Purchasers are targeting UK companies which can offer ‘immediate economies of scale’, Wojtkiw adds.
‘Buyers are now adopting more of a plug and play approach when it comes to acquisitions and are looking for target companies that can be integrated cost- effectively. These are the companies that are attracting the best values,’ he believes.
However, even when acquisitive companies identify a target, deals in today’s market are now subject to a greater degree of risk assessment. ‘Buyer due diligence is fundamental to achieving higher values for our clients,’ Wojtkiw explains.
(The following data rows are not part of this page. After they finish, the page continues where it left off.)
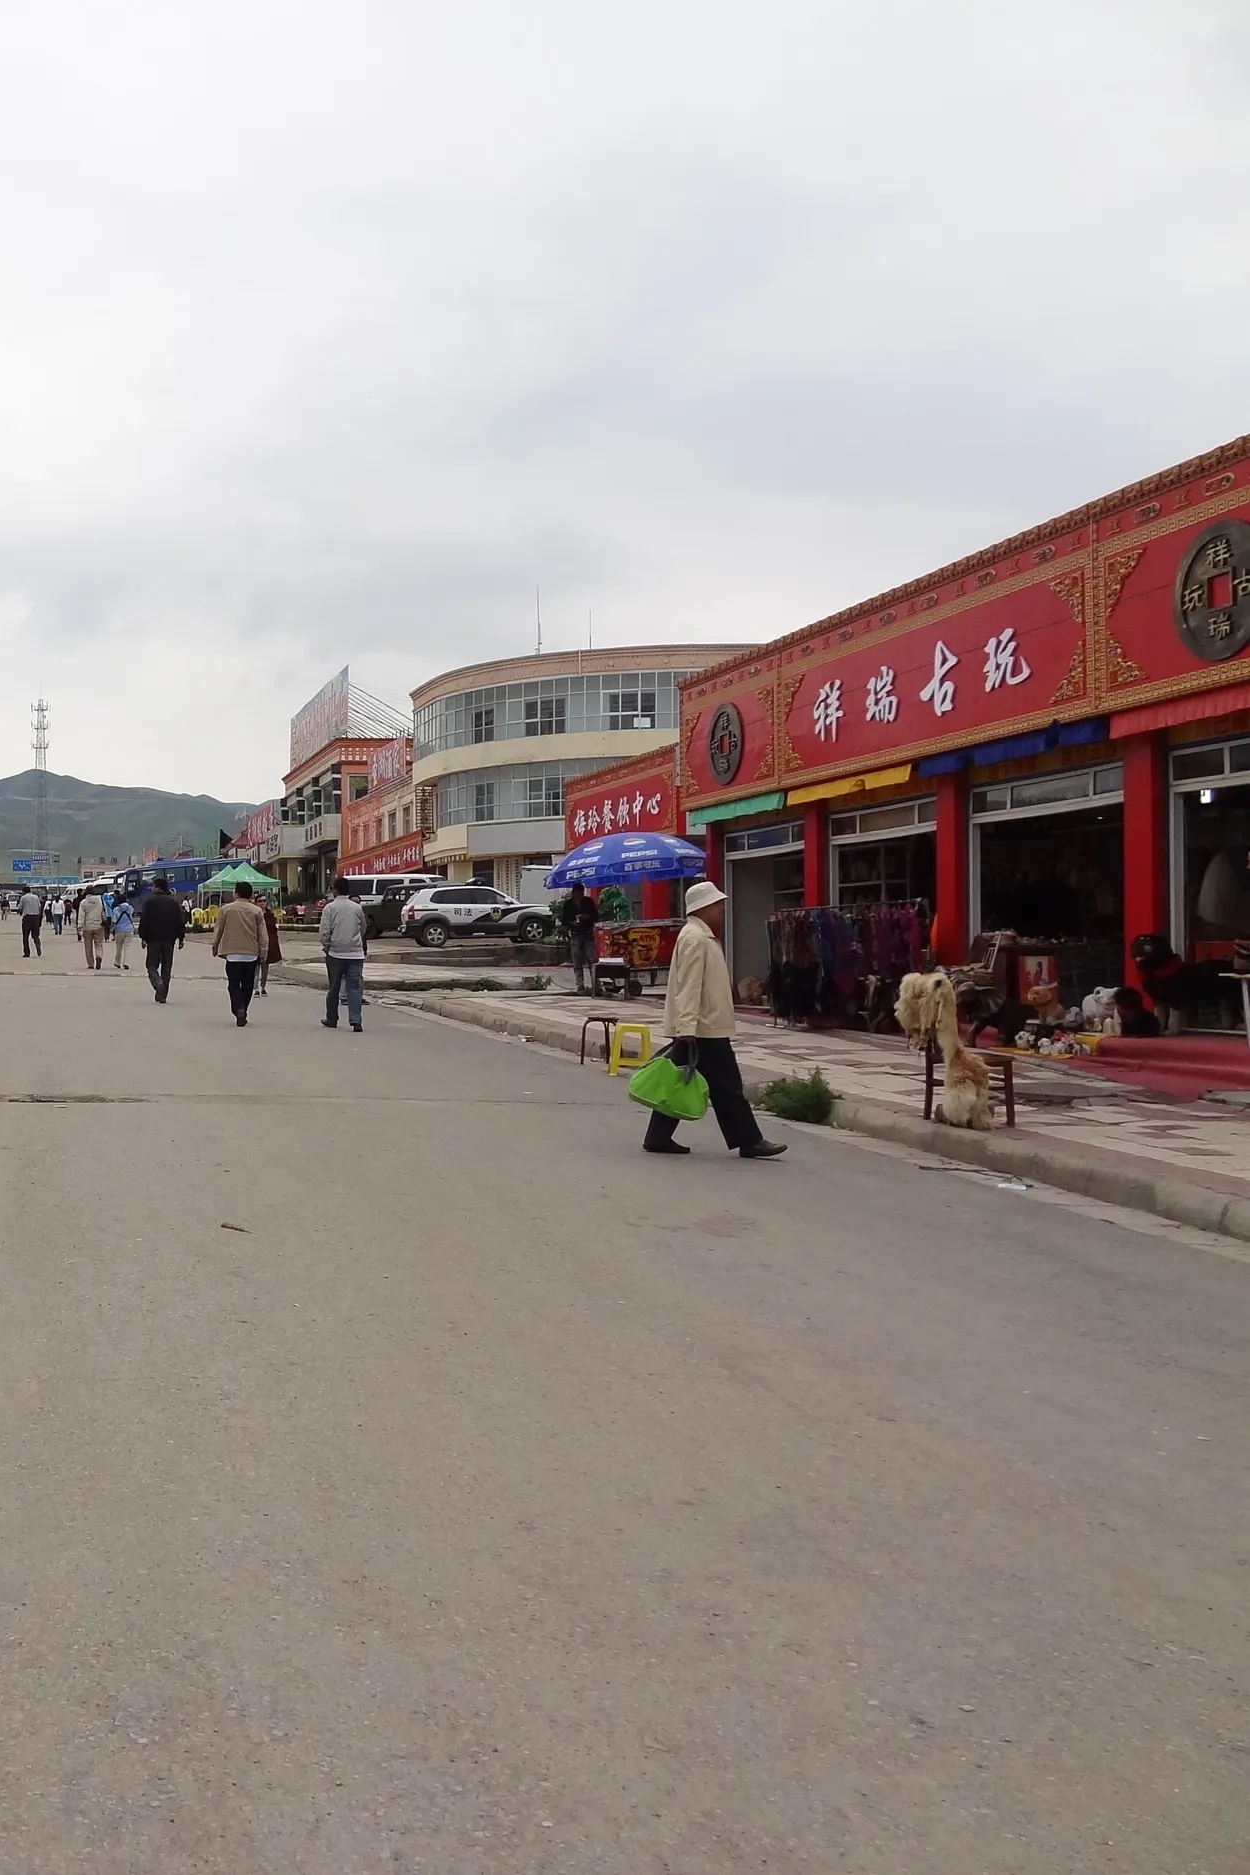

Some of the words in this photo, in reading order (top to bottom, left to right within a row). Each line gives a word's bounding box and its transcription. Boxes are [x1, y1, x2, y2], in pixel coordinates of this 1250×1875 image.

[1206, 539, 1231, 568] 祥
[1233, 568, 1250, 596] 古
[1183, 584, 1204, 611] 玩
[1208, 612, 1231, 640] 瑞
[813, 627, 1031, 743] 祥瑞古玩
[621, 849, 658, 859] PEPSI
[566, 866, 596, 880] PEPSI
[454, 907, 472, 917] 司法
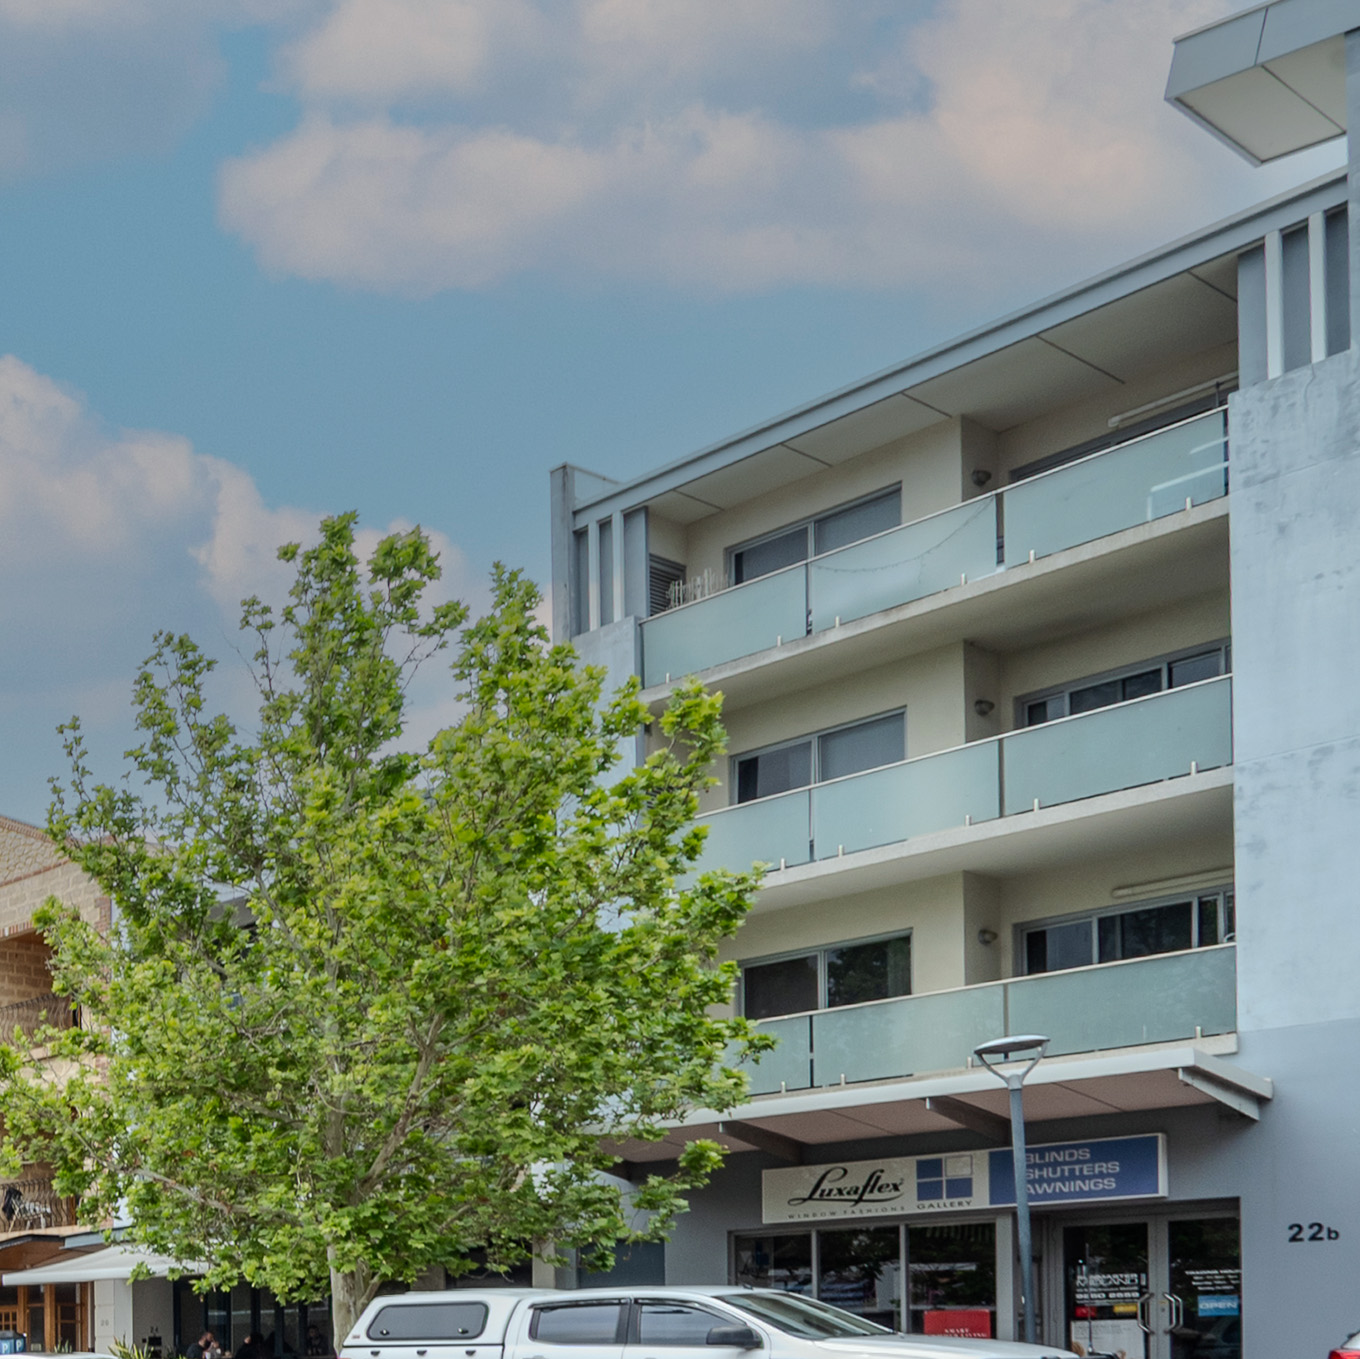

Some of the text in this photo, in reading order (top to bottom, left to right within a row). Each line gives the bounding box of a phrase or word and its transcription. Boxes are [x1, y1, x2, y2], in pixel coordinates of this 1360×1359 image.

[1025, 1148, 1091, 1165] BLINDS
[1025, 1161, 1120, 1180] SHUTTERS
[788, 1166, 904, 1207] Luxaflex
[1026, 1178, 1116, 1195] AWNINGS
[788, 1206, 905, 1219] WINDOW FASHIONS
[917, 1200, 972, 1210] GALLERY
[1288, 1222, 1340, 1242] 22b
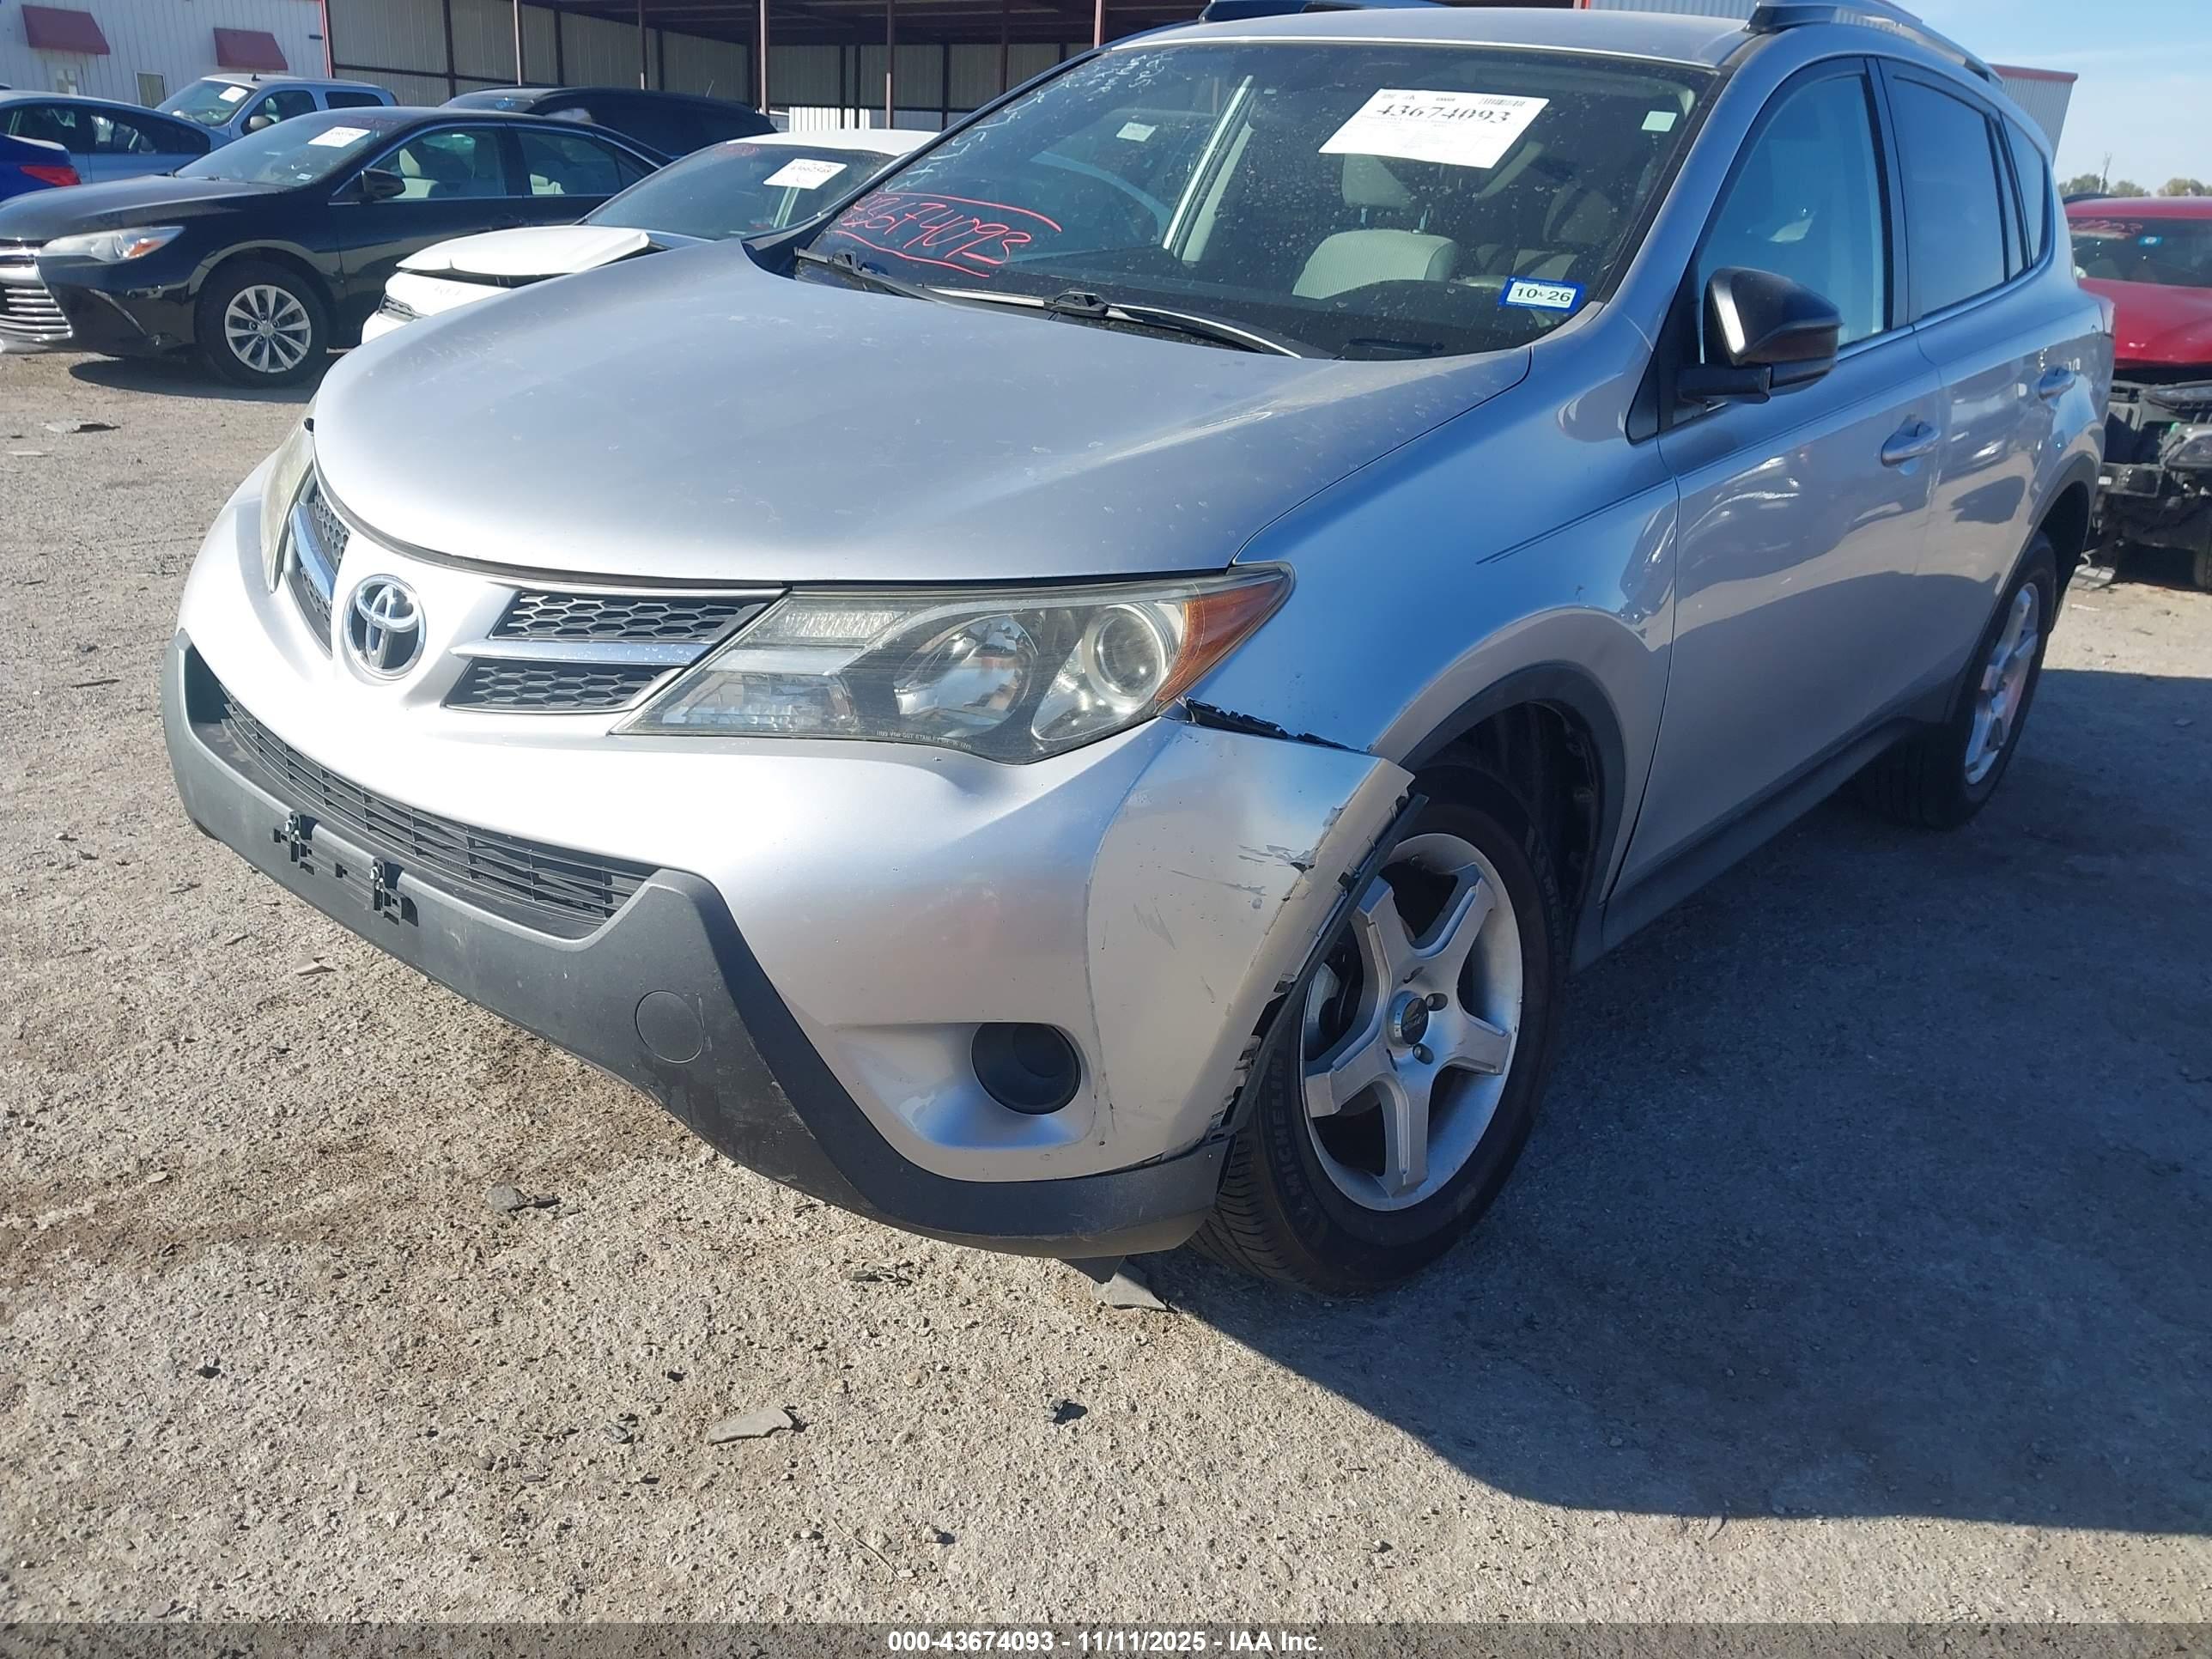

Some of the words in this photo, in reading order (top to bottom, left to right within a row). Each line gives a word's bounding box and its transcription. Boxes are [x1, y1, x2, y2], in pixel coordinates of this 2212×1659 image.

[1376, 103, 1511, 124] 43674093
[1516, 288, 1538, 299] 10
[1547, 290, 1572, 302] 26
BlueSky commits significant resource to market research, aiming to identify strategic buyers with the financial means to conclude a transaction.
Wojtkiw reckons that in today’s market, rather than adopting a mass approach to buyer targeting, it is more effective to focus on the strategic and financial considerations in each individual industry to identify only those companies that would gain strategic benefit from a deal.
‘The upshot of this approach is that more often than not the prospective purchaser ends up paying the optimum price for our client’s company,’ he claims.
In addition to this greater geographical openness, a more pragmatic approach to dealmaking has now been adopted, Wojtkiw says, with those at retirement age now prepared to consider more innovative transactions. He believes such vendors are currently more receptive to deals that will see them accept a value which is marginally lower than initial expectations, but involves a carrying interest that will ultimately take them to the price they are seeking.
For the coming 12 months, Wojtkiw sees the challenges facing M&A practitioners as being along the same lines as 2011. The real issue, he says, is restoring confidence within the Eurozone, after which deal activity will hopefully return.
‘There are still a lot of cash rich acquirers out there. The test is to position your business effectively so that you can secure the best return,’ he concludes.